Ohio Republicans Force Through Cruel Ban on Gender-Affirming Care for Minors



Ohio’s Republican-controlled general assembly has voted to override Governor Mike DeWine’s veto of a bill that would ban gender-affirming care for minors. The measure will now become law, a further blow to LGBTQ Ohioans.

The state Senate voted 23-9 on Wednesday in favor of the override, primarily along party lines. The state House of Representatives passed the measure two weeks ago with a vote of 65-28.

Senate Minority Leader Nickie Antonio, a Democrat, urged her colleagues not to pass the bill. She pointed out that state residents had already rejected government intervention in health care when they voted in November to enshrine abortion rights in the state constitution.

“The voters spoke when they voted in the last election that the government should not be in charge of their healthcare decisions,” Antonio said.

“If what we all agree on today is that this is a complicated issue that none of us have all the answers for, I don’t understand why we would just close the door,” she continued. “We don’t know what their lives are like, but the parents do.

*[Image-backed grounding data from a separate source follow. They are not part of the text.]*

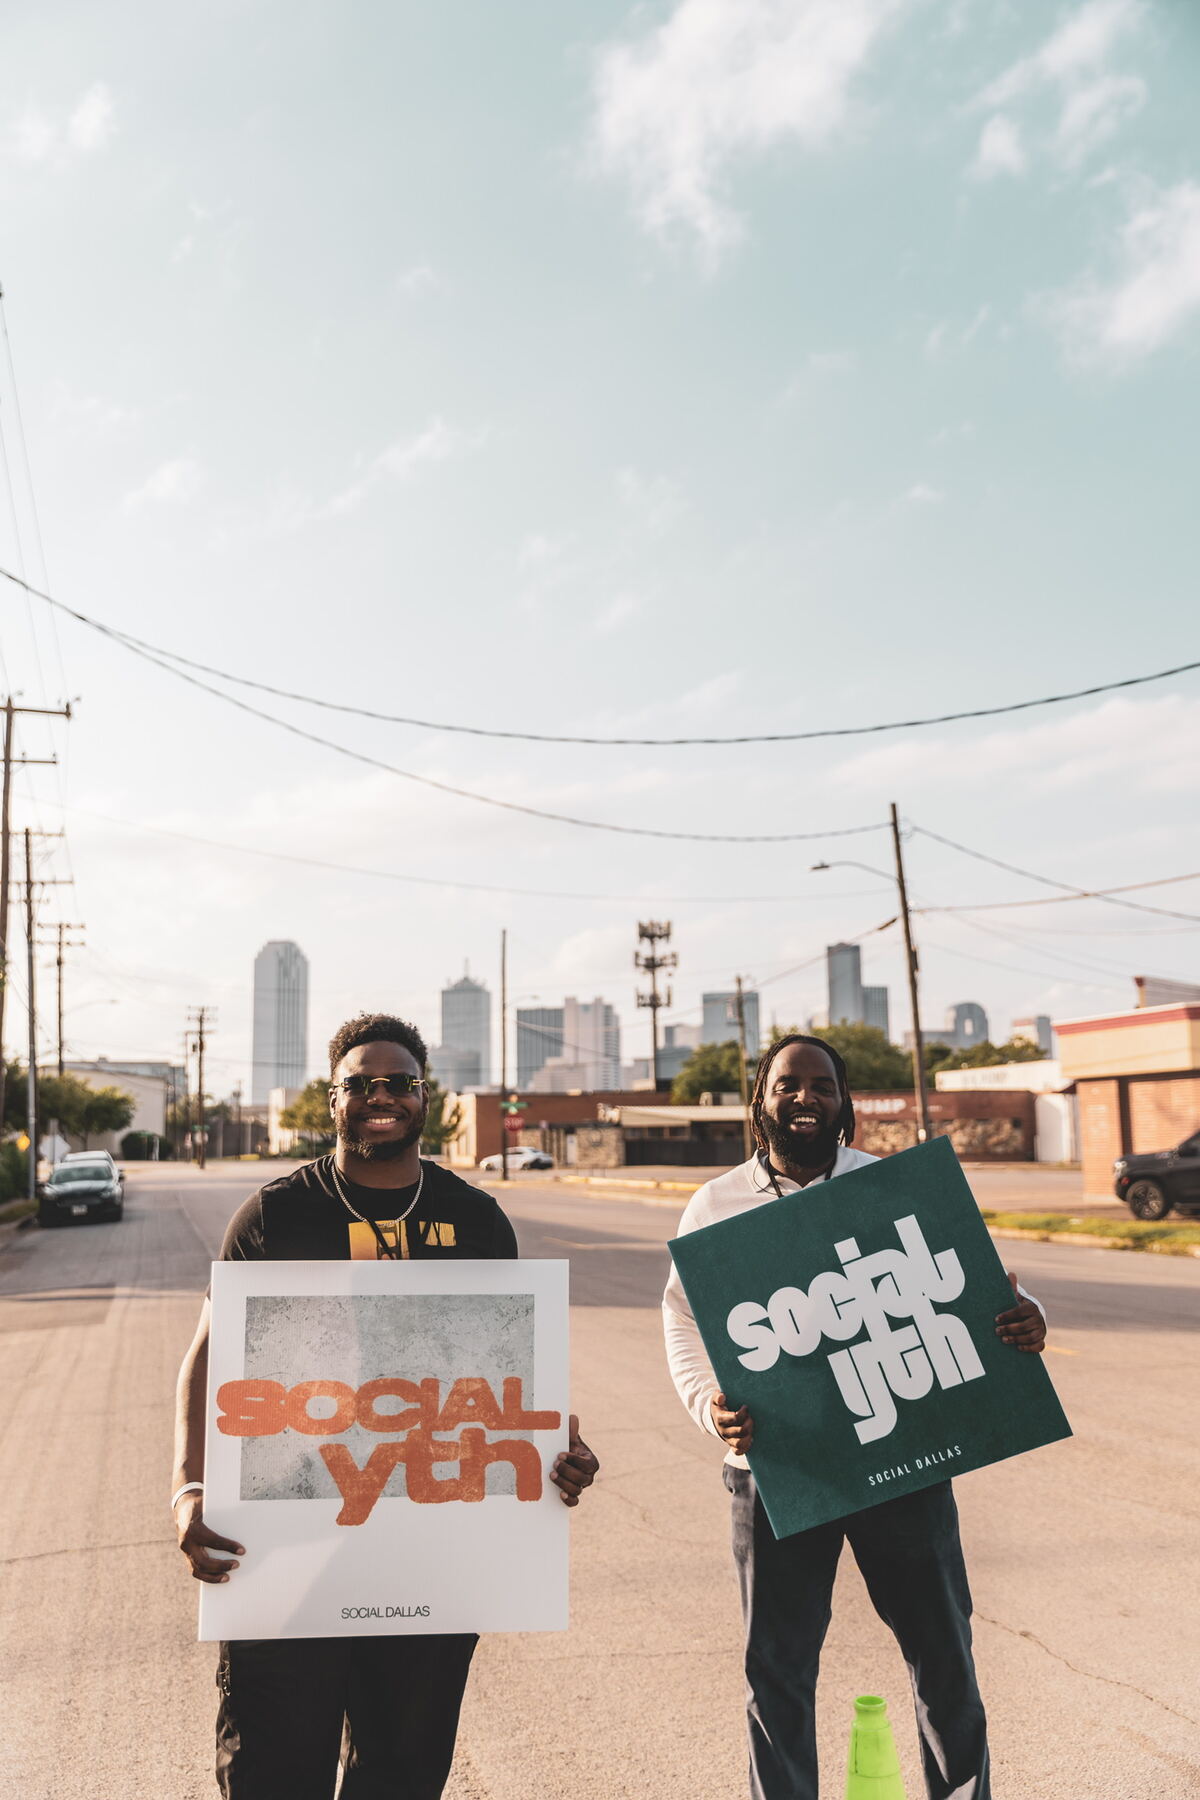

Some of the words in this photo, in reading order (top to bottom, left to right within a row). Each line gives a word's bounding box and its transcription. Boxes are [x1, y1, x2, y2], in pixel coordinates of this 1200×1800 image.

[726, 1214, 965, 1372] social
[216, 1377, 561, 1436] SOCIAL
[318, 1428, 542, 1527] yth
[868, 1464, 911, 1486] SOCIAL
[916, 1445, 962, 1469] DALLAS
[341, 1607, 384, 1619] SOCIAL
[385, 1605, 430, 1618] DALLAS

The families do.”

House Bill 68 bans gender-affirming care for transgender and nonbinary teenagers. The measure applies to treatments including puberty blockers, hormones, and medical procedures; it also prohibits trans high school and college students participating on sports teams that match their gender identity.

DeWine shocked everyone when he vetoed the bill in late December, a rare bright spot in the current onslaught of measures restricting access to gender-affirming care. DeWine cited the medical community’s support for gender-affirming care as a factor in his decision, as well as conversations he had with trans teens and their parents.

“Parents have looked me in the eye and told me that but for this treatment, their child would be dead,” he said. “And youth who are transgender have told me they are thriving today because of their transition.”

But just a week later, DeWine undid everything when he signed an executive order banning gender-affirming surgeries for minors in Ohio and even restricting access to care for adults. Under the new rules, people of any age seeking gender-affirming care must get permission from multidisciplinary teams. Those teams could include an endocrinologist, a bioethicist, a psychiatrist, and more.

Ohio is now one of the few states to mandate these extra steps, which will add an undue burden for patients. The requirements will likely rack up significant medical expenses and dramatically extend how long people must wait to access what is widely viewed as lifesaving care.